__WORK TASK__. Copy all of the data that follows without altering a word.

RECORDS FOR THIS EXERCISE Block Start

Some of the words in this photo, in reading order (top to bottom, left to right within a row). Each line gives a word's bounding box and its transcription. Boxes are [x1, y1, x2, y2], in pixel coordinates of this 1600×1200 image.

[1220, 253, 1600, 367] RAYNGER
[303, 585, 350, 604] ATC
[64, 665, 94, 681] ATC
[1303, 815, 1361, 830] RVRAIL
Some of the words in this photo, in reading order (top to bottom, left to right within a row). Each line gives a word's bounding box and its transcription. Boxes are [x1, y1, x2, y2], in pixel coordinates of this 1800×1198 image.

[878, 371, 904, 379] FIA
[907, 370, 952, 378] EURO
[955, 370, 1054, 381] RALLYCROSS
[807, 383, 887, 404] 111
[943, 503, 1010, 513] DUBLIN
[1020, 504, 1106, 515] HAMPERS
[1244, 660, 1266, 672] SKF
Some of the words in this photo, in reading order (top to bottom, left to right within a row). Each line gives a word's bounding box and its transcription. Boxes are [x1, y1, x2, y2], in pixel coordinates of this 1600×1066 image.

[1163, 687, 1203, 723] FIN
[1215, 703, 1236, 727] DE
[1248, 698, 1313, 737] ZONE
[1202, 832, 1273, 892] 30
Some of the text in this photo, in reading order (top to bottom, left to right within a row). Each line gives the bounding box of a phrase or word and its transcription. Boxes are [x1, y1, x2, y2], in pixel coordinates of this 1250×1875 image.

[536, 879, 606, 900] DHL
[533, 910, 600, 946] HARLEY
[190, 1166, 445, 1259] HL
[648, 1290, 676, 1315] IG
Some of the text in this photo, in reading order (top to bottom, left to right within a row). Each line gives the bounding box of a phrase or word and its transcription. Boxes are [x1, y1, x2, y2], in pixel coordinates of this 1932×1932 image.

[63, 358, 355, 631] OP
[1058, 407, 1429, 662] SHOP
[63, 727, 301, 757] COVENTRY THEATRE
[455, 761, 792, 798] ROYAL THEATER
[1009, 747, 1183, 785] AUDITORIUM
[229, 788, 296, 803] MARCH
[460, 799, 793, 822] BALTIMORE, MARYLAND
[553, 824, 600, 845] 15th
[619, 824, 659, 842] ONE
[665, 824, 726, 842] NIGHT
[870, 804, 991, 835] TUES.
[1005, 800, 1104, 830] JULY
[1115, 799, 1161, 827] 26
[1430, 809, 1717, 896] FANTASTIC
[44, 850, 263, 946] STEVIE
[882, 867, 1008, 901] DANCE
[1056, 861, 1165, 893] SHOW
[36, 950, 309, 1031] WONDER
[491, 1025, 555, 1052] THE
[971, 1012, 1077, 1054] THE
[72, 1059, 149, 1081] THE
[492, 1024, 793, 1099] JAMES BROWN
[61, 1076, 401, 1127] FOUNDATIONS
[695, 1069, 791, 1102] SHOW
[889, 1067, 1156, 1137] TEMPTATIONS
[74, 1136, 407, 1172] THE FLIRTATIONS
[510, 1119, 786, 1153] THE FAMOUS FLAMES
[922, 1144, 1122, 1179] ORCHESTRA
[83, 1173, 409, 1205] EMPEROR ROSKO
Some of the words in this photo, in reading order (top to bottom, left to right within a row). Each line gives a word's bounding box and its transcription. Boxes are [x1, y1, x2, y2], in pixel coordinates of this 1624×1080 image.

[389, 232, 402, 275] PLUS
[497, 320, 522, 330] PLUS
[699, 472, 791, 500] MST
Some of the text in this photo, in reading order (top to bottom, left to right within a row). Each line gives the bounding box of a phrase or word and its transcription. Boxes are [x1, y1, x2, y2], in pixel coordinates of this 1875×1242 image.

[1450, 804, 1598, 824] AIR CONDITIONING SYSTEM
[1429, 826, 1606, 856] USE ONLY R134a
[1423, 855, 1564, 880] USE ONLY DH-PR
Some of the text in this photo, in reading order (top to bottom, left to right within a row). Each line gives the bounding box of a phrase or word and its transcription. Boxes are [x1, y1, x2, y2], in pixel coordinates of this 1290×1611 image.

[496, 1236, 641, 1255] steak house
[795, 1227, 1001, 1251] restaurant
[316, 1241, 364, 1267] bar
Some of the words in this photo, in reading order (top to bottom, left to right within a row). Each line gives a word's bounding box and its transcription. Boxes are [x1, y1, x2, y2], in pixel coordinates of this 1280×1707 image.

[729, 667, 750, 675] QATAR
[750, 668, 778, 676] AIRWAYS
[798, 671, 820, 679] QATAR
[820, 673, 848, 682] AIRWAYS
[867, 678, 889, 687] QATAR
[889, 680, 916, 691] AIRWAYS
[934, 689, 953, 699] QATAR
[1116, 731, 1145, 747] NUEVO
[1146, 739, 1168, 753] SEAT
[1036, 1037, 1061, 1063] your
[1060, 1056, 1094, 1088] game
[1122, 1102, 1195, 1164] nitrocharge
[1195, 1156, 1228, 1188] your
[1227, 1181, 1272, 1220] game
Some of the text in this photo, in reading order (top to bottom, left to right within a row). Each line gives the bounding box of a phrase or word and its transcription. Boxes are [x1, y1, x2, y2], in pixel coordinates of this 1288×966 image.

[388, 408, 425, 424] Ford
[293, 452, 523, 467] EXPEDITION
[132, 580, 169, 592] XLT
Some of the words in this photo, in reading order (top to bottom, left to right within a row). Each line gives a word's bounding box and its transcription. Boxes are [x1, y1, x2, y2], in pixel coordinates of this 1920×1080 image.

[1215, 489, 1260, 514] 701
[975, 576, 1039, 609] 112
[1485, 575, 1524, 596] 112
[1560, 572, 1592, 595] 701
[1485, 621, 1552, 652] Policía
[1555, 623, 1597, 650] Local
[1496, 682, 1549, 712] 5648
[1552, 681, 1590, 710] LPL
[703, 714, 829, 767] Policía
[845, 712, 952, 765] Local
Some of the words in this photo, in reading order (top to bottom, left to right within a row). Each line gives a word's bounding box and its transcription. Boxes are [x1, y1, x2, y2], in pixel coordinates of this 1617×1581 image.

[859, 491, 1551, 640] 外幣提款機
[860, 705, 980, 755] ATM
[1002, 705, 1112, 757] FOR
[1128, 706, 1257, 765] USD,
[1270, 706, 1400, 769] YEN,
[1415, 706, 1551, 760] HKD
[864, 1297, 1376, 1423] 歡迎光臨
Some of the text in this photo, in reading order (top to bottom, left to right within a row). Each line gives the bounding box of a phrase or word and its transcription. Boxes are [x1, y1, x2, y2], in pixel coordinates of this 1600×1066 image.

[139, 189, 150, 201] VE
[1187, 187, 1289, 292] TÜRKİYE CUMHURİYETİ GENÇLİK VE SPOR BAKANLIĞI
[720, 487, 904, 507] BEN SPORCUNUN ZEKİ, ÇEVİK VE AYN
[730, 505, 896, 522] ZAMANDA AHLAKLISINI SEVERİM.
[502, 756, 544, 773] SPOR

RECORDS FOR THIS EXERCISE Block End

__EXPECTED OUTPUT__.
Some of the words in this photo, in reading order (top to bottom, left to right within a row). Each line gives a word's bounding box and its transcription. Boxes are [x1, y1, x2, y2], in pixel coordinates of this 1600×1200 image.

[1220, 253, 1600, 367] RAYNGER
[303, 585, 350, 604] ATC
[64, 665, 94, 681] ATC
[1303, 815, 1361, 830] RVRAIL
Some of the words in this photo, in reading order (top to bottom, left to right within a row). Each line gives a word's bounding box and its transcription. Boxes are [x1, y1, x2, y2], in pixel coordinates of this 1800×1198 image.

[878, 371, 904, 379] FIA
[907, 370, 952, 378] EURO
[955, 370, 1054, 381] RALLYCROSS
[807, 383, 887, 404] 111
[943, 503, 1010, 513] DUBLIN
[1020, 504, 1106, 515] HAMPERS
[1244, 660, 1266, 672] SKF
Some of the words in this photo, in reading order (top to bottom, left to right within a row). Each line gives a word's bounding box and its transcription. Boxes are [x1, y1, x2, y2], in pixel coordinates of this 1600×1066 image.

[1163, 687, 1203, 723] FIN
[1215, 703, 1236, 727] DE
[1248, 698, 1313, 737] ZONE
[1202, 832, 1273, 892] 30
Some of the text in this photo, in reading order (top to bottom, left to right within a row). Each line gives the bounding box of a phrase or word and its transcription. Boxes are [x1, y1, x2, y2], in pixel coordinates of this 1250×1875 image.

[536, 879, 606, 900] DHL
[533, 910, 600, 946] HARLEY
[190, 1166, 445, 1259] HL
[648, 1290, 676, 1315] IG
Some of the text in this photo, in reading order (top to bottom, left to right within a row). Each line gives the bounding box of a phrase or word and its transcription. Boxes are [x1, y1, x2, y2], in pixel coordinates of this 1932×1932 image.

[63, 358, 355, 631] OP
[1058, 407, 1429, 662] SHOP
[63, 727, 301, 757] COVENTRY THEATRE
[455, 761, 792, 798] ROYAL THEATER
[1009, 747, 1183, 785] AUDITORIUM
[229, 788, 296, 803] MARCH
[460, 799, 793, 822] BALTIMORE, MARYLAND
[553, 824, 600, 845] 15th
[619, 824, 659, 842] ONE
[665, 824, 726, 842] NIGHT
[870, 804, 991, 835] TUES.
[1005, 800, 1104, 830] JULY
[1115, 799, 1161, 827] 26
[1430, 809, 1717, 896] FANTASTIC
[44, 850, 263, 946] STEVIE
[882, 867, 1008, 901] DANCE
[1056, 861, 1165, 893] SHOW
[36, 950, 309, 1031] WONDER
[491, 1025, 555, 1052] THE
[971, 1012, 1077, 1054] THE
[72, 1059, 149, 1081] THE
[492, 1024, 793, 1099] JAMES BROWN
[61, 1076, 401, 1127] FOUNDATIONS
[695, 1069, 791, 1102] SHOW
[889, 1067, 1156, 1137] TEMPTATIONS
[74, 1136, 407, 1172] THE FLIRTATIONS
[510, 1119, 786, 1153] THE FAMOUS FLAMES
[922, 1144, 1122, 1179] ORCHESTRA
[83, 1173, 409, 1205] EMPEROR ROSKO
Some of the words in this photo, in reading order (top to bottom, left to right within a row). Each line gives a word's bounding box and its transcription. Boxes are [x1, y1, x2, y2], in pixel coordinates of this 1624×1080 image.

[389, 232, 402, 275] PLUS
[497, 320, 522, 330] PLUS
[699, 472, 791, 500] MST
Some of the text in this photo, in reading order (top to bottom, left to right within a row). Each line gives the bounding box of a phrase or word and its transcription. Boxes are [x1, y1, x2, y2], in pixel coordinates of this 1875×1242 image.

[1450, 804, 1598, 824] AIR CONDITIONING SYSTEM
[1429, 826, 1606, 856] USE ONLY R134a
[1423, 855, 1564, 880] USE ONLY DH-PR
Some of the text in this photo, in reading order (top to bottom, left to right within a row). Each line gives the bounding box of a phrase or word and its transcription. Boxes are [x1, y1, x2, y2], in pixel coordinates of this 1290×1611 image.

[496, 1236, 641, 1255] steak house
[795, 1227, 1001, 1251] restaurant
[316, 1241, 364, 1267] bar
Some of the words in this photo, in reading order (top to bottom, left to right within a row). Each line gives a word's bounding box and its transcription. Boxes are [x1, y1, x2, y2], in pixel coordinates of this 1280×1707 image.

[729, 667, 750, 675] QATAR
[750, 668, 778, 676] AIRWAYS
[798, 671, 820, 679] QATAR
[820, 673, 848, 682] AIRWAYS
[867, 678, 889, 687] QATAR
[889, 680, 916, 691] AIRWAYS
[934, 689, 953, 699] QATAR
[1116, 731, 1145, 747] NUEVO
[1146, 739, 1168, 753] SEAT
[1036, 1037, 1061, 1063] your
[1060, 1056, 1094, 1088] game
[1122, 1102, 1195, 1164] nitrocharge
[1195, 1156, 1228, 1188] your
[1227, 1181, 1272, 1220] game
Some of the text in this photo, in reading order (top to bottom, left to right within a row). Each line gives the bounding box of a phrase or word and its transcription. Boxes are [x1, y1, x2, y2], in pixel coordinates of this 1288×966 image.

[388, 408, 425, 424] Ford
[293, 452, 523, 467] EXPEDITION
[132, 580, 169, 592] XLT
Some of the words in this photo, in reading order (top to bottom, left to right within a row). Each line gives a word's bounding box and its transcription. Boxes are [x1, y1, x2, y2], in pixel coordinates of this 1920×1080 image.

[1215, 489, 1260, 514] 701
[975, 576, 1039, 609] 112
[1485, 575, 1524, 596] 112
[1560, 572, 1592, 595] 701
[1485, 621, 1552, 652] Policía
[1555, 623, 1597, 650] Local
[1496, 682, 1549, 712] 5648
[1552, 681, 1590, 710] LPL
[703, 714, 829, 767] Policía
[845, 712, 952, 765] Local
Some of the words in this photo, in reading order (top to bottom, left to right within a row). Each line gives a word's bounding box and its transcription. Boxes are [x1, y1, x2, y2], in pixel coordinates of this 1617×1581 image.

[859, 491, 1551, 640] 外幣提款機
[860, 705, 980, 755] ATM
[1002, 705, 1112, 757] FOR
[1128, 706, 1257, 765] USD,
[1270, 706, 1400, 769] YEN,
[1415, 706, 1551, 760] HKD
[864, 1297, 1376, 1423] 歡迎光臨
Some of the text in this photo, in reading order (top to bottom, left to right within a row). Each line gives the bounding box of a phrase or word and its transcription. Boxes are [x1, y1, x2, y2], in pixel coordinates of this 1600×1066 image.

[139, 189, 150, 201] VE
[1187, 187, 1289, 292] TÜRKİYE CUMHURİYETİ GENÇLİK VE SPOR BAKANLIĞI
[720, 487, 904, 507] BEN SPORCUNUN ZEKİ, ÇEVİK VE AYN
[730, 505, 896, 522] ZAMANDA AHLAKLISINI SEVERİM.
[502, 756, 544, 773] SPOR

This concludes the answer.